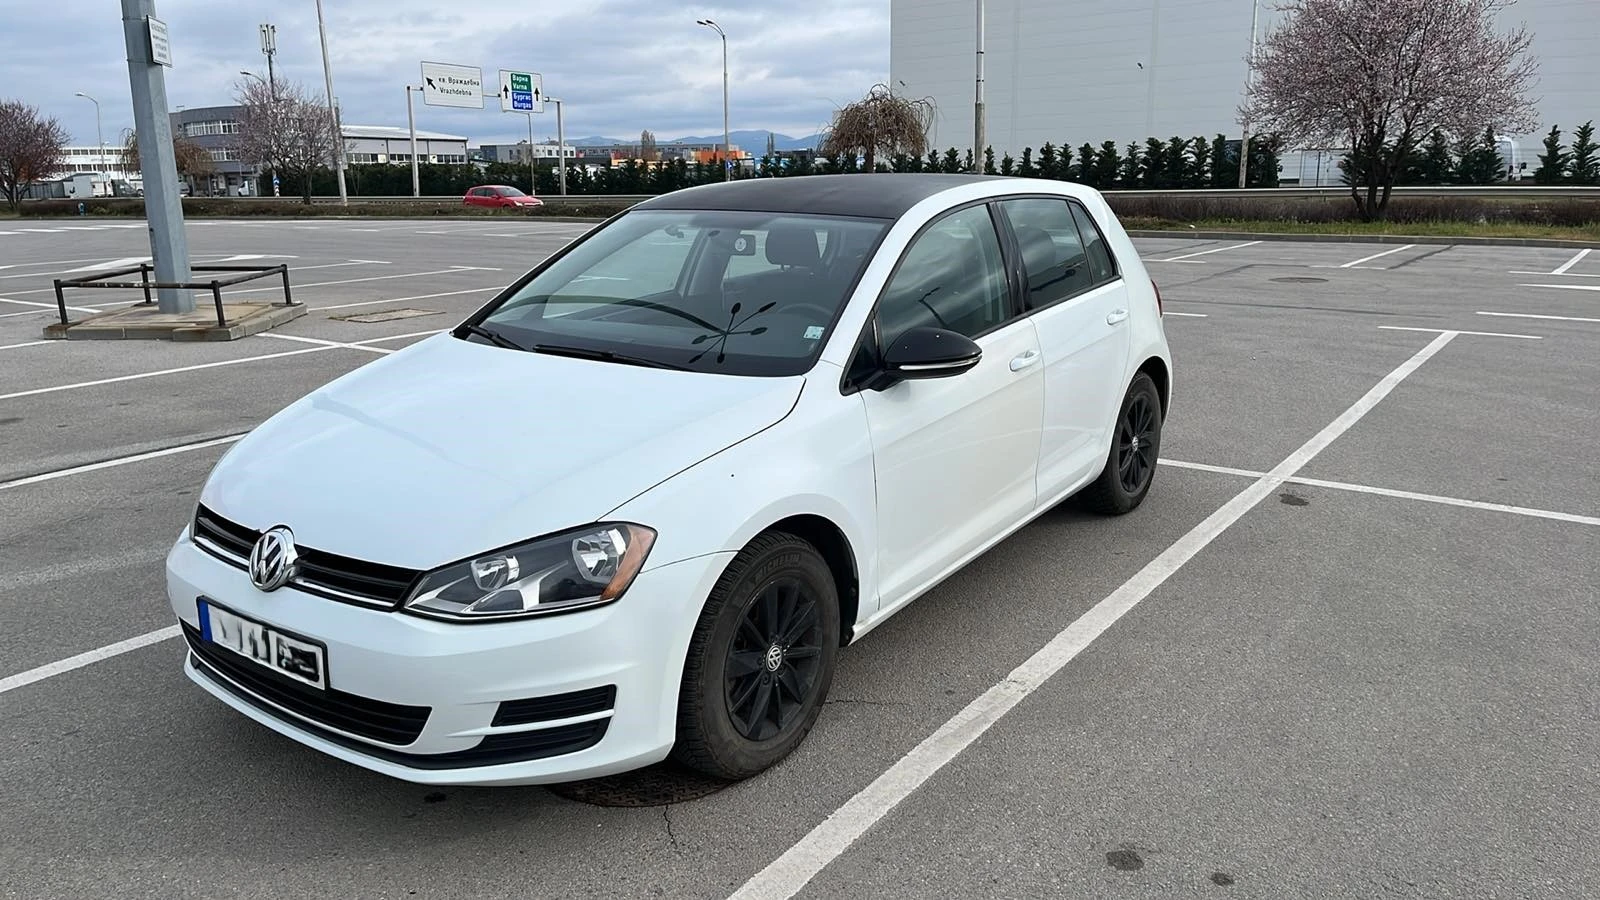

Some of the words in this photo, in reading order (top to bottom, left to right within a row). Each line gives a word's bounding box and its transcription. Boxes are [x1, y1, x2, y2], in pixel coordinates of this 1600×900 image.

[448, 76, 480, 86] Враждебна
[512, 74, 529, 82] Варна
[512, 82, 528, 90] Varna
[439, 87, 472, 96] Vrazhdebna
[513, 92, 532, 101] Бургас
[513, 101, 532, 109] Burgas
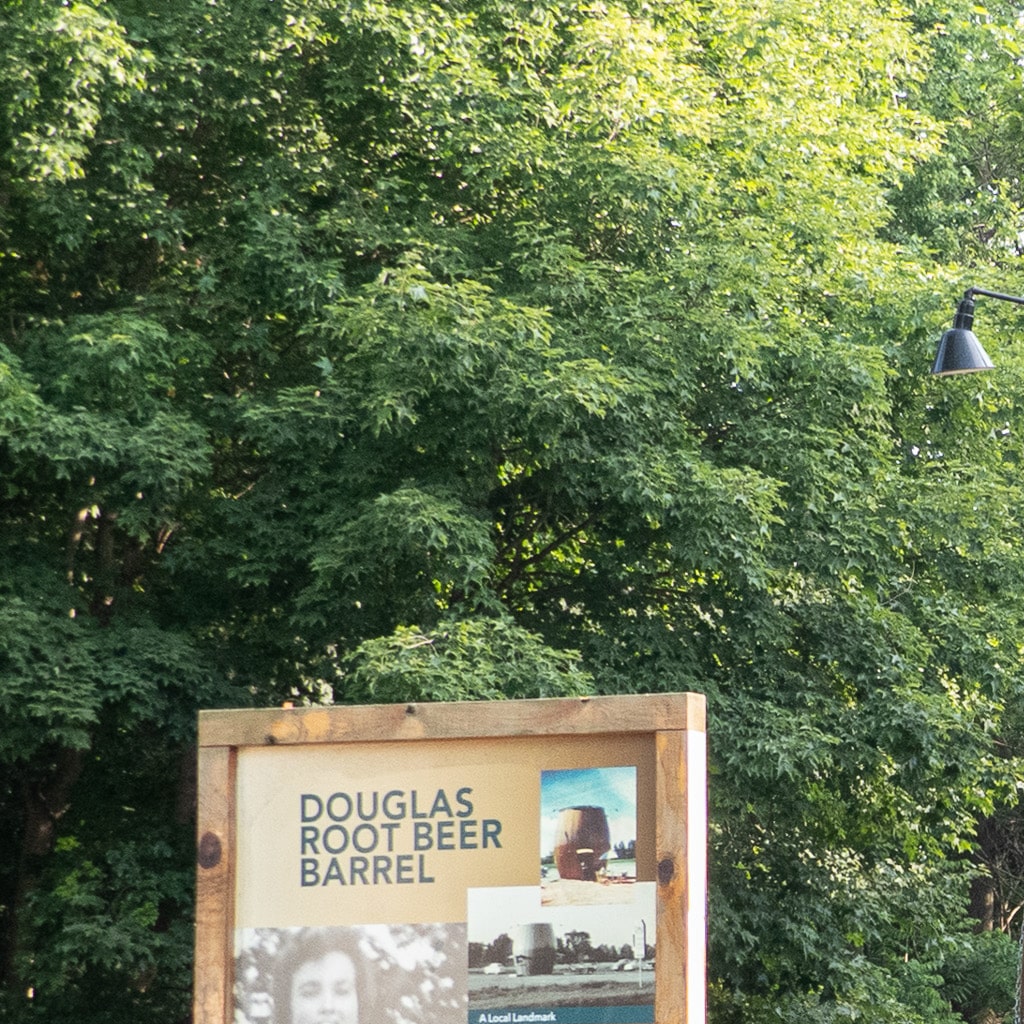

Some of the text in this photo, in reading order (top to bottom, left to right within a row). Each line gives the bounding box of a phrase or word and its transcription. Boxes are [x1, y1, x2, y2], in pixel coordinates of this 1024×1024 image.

+--

** What the task asks **
Write out all the entries precisely as given, omitting each image.

** Solution to the problem **
Some of the words in this photo, in reading order (top to bottom, left to right within a row). Each line gives a word's bounding box and its transcription. Boxes are [x1, y1, x2, y2], in pixel coordinates of this 1600×900 image.

[448, 76, 480, 86] Враждебна
[512, 74, 529, 82] Варна
[512, 82, 528, 90] Varna
[439, 87, 472, 96] Vrazhdebna
[513, 92, 532, 101] Бургас
[513, 101, 532, 109] Burgas

Some of the text in this photo, in reading order (top to bottom, left to right within a row). Each line gives the bounding box of a phrase or word and its transcription. Boxes are [x1, y1, x2, y2], in pixel coordinates of this 1024×1024 image.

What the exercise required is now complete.